Non-essential retail in England will re-open in June, as set out in the PM timeline issued yesterday 25 May –

• Outdoor markets and car showrooms will be able to reopen from 1 June, as soon as they are able to meet the COVID-19 secure guidelines to protect shoppers and workers. As with garden centres, the risk of transmission of the virus is lower in these outdoor and more open spaces. Car showrooms often have significant outdoor space and it is generally easier to apply social distancing.
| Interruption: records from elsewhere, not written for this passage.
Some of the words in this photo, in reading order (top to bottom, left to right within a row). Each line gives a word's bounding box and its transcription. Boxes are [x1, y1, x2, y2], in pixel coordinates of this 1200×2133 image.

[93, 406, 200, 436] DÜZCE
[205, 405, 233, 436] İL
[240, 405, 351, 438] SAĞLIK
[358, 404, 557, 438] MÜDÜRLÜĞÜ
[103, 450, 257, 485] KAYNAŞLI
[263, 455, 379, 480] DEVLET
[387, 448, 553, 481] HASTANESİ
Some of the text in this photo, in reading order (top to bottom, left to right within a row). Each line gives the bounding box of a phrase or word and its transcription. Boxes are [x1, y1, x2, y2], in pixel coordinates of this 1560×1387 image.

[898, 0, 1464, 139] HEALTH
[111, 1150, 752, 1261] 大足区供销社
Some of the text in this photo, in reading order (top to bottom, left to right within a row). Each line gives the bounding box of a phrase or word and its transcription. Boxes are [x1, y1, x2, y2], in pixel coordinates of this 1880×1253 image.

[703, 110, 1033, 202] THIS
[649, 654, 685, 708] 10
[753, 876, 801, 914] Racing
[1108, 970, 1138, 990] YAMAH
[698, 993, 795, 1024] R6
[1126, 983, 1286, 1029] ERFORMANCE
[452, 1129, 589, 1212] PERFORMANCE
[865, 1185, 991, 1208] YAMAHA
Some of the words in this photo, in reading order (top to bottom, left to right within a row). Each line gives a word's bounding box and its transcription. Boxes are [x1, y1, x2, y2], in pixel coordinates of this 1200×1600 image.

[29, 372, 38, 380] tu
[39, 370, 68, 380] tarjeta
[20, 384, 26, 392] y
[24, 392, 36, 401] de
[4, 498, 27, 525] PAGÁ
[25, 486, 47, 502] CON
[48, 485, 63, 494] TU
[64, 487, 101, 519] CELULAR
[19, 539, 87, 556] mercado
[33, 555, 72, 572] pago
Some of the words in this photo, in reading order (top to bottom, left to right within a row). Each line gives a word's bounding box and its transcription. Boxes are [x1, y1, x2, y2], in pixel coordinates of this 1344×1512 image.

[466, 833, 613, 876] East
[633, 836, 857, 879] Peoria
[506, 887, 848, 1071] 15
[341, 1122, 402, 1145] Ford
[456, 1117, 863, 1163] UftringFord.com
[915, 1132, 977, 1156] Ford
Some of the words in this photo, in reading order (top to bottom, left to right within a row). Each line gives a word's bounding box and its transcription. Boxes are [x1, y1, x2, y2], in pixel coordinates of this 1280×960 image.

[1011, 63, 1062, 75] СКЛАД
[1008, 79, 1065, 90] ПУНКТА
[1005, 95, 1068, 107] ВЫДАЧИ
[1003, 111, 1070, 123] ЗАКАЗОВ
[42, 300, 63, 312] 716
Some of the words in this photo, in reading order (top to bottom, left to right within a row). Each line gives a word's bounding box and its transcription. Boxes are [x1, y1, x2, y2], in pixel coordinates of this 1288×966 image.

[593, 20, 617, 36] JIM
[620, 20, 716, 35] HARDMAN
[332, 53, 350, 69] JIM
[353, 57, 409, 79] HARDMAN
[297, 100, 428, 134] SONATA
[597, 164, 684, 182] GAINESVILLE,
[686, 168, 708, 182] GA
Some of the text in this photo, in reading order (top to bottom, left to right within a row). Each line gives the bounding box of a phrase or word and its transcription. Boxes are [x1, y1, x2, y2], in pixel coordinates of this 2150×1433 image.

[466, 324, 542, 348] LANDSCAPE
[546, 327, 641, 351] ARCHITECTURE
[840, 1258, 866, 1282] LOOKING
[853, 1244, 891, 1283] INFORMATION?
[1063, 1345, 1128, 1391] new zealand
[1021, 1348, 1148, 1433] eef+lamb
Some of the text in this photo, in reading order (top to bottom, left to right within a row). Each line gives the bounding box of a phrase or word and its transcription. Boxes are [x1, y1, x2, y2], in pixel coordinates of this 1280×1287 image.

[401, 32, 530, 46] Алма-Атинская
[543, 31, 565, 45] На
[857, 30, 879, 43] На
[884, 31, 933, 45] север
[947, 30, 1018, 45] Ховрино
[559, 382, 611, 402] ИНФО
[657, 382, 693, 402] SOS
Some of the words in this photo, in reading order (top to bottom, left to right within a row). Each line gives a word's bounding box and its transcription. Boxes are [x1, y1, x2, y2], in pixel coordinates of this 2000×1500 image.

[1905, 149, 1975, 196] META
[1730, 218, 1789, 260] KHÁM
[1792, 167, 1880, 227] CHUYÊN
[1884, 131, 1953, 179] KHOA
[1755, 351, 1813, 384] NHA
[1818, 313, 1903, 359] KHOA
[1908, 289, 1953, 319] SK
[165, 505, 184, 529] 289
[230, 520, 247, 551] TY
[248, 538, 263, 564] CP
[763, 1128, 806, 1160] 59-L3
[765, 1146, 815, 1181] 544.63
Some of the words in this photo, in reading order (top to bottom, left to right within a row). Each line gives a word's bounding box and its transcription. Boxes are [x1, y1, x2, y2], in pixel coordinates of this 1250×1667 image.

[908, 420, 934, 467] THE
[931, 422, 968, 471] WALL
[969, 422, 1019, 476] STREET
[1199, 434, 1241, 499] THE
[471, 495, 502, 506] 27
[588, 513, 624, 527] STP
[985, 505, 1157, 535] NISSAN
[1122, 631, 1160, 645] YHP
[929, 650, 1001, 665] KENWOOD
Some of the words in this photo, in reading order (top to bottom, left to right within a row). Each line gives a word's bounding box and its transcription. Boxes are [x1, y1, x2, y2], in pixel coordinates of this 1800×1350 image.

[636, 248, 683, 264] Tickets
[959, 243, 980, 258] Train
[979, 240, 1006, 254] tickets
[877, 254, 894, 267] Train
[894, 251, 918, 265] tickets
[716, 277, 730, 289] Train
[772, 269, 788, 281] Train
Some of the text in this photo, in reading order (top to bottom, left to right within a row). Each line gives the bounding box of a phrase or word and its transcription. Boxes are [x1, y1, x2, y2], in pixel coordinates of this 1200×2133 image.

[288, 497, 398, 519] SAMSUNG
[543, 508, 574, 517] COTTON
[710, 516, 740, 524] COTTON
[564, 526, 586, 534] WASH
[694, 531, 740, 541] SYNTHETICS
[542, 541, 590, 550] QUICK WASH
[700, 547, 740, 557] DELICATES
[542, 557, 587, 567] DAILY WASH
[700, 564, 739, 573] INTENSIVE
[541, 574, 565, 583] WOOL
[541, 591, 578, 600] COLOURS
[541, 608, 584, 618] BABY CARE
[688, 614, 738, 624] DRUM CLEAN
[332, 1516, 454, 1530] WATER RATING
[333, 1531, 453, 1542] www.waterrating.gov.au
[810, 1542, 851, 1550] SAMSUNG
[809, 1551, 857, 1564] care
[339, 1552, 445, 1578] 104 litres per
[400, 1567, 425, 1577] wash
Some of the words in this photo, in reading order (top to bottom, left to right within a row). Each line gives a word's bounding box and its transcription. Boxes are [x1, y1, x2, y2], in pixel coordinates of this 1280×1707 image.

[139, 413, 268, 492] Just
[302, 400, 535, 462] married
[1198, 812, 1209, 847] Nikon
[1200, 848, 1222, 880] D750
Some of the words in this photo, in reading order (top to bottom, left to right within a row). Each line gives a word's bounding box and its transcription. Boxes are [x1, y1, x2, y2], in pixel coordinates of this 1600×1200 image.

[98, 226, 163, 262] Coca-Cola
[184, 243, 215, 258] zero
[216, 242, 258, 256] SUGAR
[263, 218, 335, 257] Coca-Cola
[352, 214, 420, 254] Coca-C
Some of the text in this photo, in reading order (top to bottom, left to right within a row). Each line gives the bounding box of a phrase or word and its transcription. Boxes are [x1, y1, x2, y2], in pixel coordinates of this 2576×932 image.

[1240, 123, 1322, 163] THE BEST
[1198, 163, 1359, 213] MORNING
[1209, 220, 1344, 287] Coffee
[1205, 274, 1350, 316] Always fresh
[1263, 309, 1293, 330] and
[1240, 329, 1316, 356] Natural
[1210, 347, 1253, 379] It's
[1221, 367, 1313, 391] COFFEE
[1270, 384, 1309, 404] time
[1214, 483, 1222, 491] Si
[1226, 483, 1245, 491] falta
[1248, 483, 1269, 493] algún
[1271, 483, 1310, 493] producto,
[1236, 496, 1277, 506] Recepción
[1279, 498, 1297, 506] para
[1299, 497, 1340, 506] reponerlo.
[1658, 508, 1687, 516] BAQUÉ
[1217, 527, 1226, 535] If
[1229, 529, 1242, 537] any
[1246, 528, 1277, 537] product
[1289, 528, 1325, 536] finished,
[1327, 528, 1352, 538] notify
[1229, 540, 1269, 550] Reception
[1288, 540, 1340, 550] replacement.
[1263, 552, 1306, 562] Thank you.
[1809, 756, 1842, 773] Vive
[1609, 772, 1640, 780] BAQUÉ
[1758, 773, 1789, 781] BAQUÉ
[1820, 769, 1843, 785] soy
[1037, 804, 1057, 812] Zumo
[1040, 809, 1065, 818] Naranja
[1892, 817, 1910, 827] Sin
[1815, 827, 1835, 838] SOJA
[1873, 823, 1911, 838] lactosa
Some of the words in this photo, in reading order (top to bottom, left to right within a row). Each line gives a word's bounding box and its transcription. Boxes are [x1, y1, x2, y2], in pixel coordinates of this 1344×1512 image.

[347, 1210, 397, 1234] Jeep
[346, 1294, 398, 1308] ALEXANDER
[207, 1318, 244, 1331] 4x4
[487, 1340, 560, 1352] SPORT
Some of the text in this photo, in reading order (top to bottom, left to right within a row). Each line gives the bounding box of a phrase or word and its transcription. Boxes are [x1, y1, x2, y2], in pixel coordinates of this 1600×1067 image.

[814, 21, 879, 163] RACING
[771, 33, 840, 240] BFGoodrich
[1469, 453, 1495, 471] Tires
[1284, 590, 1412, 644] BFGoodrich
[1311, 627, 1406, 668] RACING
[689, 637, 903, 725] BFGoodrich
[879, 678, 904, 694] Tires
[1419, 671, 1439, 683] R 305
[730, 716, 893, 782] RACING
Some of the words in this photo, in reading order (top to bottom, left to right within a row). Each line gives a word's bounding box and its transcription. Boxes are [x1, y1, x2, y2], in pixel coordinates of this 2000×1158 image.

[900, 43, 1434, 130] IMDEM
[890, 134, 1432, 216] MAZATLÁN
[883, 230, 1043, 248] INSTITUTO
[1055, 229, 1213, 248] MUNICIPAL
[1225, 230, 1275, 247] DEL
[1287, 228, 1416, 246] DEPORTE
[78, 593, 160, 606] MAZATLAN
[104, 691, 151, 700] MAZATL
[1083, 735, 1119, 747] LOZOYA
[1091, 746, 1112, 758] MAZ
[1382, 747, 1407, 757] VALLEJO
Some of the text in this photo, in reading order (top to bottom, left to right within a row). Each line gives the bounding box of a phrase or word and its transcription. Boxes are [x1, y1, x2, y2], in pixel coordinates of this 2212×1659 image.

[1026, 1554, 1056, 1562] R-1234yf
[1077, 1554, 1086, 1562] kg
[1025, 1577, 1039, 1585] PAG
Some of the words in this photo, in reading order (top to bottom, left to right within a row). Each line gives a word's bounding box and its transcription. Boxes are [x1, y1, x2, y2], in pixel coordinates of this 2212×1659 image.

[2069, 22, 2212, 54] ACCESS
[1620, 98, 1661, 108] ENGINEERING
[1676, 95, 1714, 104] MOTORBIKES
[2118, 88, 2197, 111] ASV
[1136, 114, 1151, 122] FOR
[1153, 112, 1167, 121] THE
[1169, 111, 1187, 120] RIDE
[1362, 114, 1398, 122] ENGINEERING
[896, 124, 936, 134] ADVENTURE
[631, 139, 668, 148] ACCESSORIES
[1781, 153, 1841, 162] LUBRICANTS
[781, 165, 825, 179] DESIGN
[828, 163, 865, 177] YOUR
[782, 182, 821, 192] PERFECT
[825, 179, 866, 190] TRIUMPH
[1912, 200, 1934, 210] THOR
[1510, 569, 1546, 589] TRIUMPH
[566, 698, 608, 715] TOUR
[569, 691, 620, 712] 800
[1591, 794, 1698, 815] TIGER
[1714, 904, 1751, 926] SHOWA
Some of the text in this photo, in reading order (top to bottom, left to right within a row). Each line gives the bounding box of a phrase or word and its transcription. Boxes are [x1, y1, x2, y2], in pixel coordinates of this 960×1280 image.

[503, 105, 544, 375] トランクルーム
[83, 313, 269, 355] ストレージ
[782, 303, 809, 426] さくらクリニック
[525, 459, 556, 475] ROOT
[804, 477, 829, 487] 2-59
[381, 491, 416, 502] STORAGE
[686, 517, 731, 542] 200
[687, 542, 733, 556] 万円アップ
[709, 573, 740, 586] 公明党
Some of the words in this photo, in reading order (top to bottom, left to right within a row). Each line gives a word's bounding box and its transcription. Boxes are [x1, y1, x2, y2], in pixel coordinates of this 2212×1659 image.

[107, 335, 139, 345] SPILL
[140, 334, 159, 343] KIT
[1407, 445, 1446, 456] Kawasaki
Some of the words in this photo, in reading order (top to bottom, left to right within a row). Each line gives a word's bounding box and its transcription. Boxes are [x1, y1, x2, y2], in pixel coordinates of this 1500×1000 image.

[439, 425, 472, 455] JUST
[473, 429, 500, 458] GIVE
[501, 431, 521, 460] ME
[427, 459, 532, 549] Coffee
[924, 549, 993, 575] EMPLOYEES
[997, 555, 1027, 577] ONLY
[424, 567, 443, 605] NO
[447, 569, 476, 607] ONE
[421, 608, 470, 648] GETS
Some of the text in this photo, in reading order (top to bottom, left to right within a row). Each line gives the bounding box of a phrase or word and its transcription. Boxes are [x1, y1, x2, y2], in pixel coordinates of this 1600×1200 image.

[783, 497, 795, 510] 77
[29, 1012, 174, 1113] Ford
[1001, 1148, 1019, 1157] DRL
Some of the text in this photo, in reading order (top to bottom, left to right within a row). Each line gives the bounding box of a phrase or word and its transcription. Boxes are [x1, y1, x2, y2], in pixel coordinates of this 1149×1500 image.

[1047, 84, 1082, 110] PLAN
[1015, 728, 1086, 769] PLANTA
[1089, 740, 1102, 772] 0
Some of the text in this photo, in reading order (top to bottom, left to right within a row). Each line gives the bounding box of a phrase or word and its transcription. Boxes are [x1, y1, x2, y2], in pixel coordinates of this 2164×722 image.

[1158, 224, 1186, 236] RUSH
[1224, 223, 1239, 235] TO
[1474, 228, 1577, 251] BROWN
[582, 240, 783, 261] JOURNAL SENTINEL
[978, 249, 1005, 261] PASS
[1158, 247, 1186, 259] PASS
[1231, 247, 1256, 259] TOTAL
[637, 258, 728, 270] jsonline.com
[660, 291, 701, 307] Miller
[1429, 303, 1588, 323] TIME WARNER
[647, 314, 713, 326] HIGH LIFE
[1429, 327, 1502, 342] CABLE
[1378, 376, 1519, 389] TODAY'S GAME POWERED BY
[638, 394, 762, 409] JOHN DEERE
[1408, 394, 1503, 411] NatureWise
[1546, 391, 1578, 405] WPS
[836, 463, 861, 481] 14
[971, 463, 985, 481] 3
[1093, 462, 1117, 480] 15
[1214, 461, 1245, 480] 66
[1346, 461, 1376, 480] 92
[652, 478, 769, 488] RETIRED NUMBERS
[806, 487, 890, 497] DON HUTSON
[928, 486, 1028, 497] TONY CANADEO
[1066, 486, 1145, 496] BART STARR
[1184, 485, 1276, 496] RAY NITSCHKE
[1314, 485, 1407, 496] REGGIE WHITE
• All other non-essential retail including shops selling clothes, shoes, toys, furniture, books, and electronics, plus tailors, auction houses, photography studios, and indoor markets, will be expected to be able to reopen from 15 June if the Government’s five tests are met and they follow the COVID-19 secure guidelines, giving them three weeks to prepare.

Certain businesses and activities must remain closed – see here. This is underpinned by enacted law.

UK implementation of Ireland/Northern Ireland Protocol (Northern Ireland)

The UK government has today published its approach to implementing the Ireland-Northern Ireland Protocol of the Withdrawal Agreement that was signed with the European Union.

The Protocol sets up special arrangements that stem from the Withdrawal Agreement and apply in Northern Ireland from 1st January 2021, until at least 2024, when the first four-year consent vote process contained in the Protocol is initiated.

The Protocol covers a range of areas: human rights, the Common Travel Area, customs and trade, regulation of manufactured goods, the Single Electricity Market, some limited state aid provisions, and VAT and excise. The paper published today sets out the UK’s thinking in all of these areas. But the core of the Protocol is the provisions on customs and trade. It is these areas which are covered in most detail in the document.

It is the responsibility of the UK Government and UK authorities to give effect to the Protocol in Northern Ireland. The Protocol has as Annex 2, a list of EU law that will continue to apply in Northern Ireland – at least 2021 to 2024.

The UK approach is set out in a Cabinet Office Command Paper – here.

The paper sets out four key commitments that will underpin the UK Government’s approach to implementing the Protocol:

• There will be unfettered access for Northern Ireland’s producers to the whole of the UK market and this will be delivered through legislation by the end of the year.

• No tariffs will be paid on goods that move and remain within the UK customs territory

• Implementation of the Protocol will not involve new customs infrastructure – with any processes on goods moving from Great Britain to Northern Ireland kept to an absolute minimum so that the integrity and smooth functioning of the UK internal market is protected.

• Northern Ireland’s businesses will benefit from the lower tariffs delivered through our new Free Trade Agreements with countries like the United States, Australia, New Zealand and Japan – ensuring Northern Ireland firms will be able to enjoy the full benefits of the unique access they have to the GB and EU markets.

Today’s publication also sets out plans to establish a new business engagement forum, which will meet regularly to allow Northern Ireland’s businesses to put forward proposals and provide feedback on how to maximise the free flow of trade. The Northern Ireland Executive will be invited to join the forum.

The Withdrawal Agreement is administered by a Joint EU-UK Committee set up under the Agreement, and both the Agreement and the Protocol have dispute mechanisms.

More detail is expected, and accordingly I will write more Blog posts.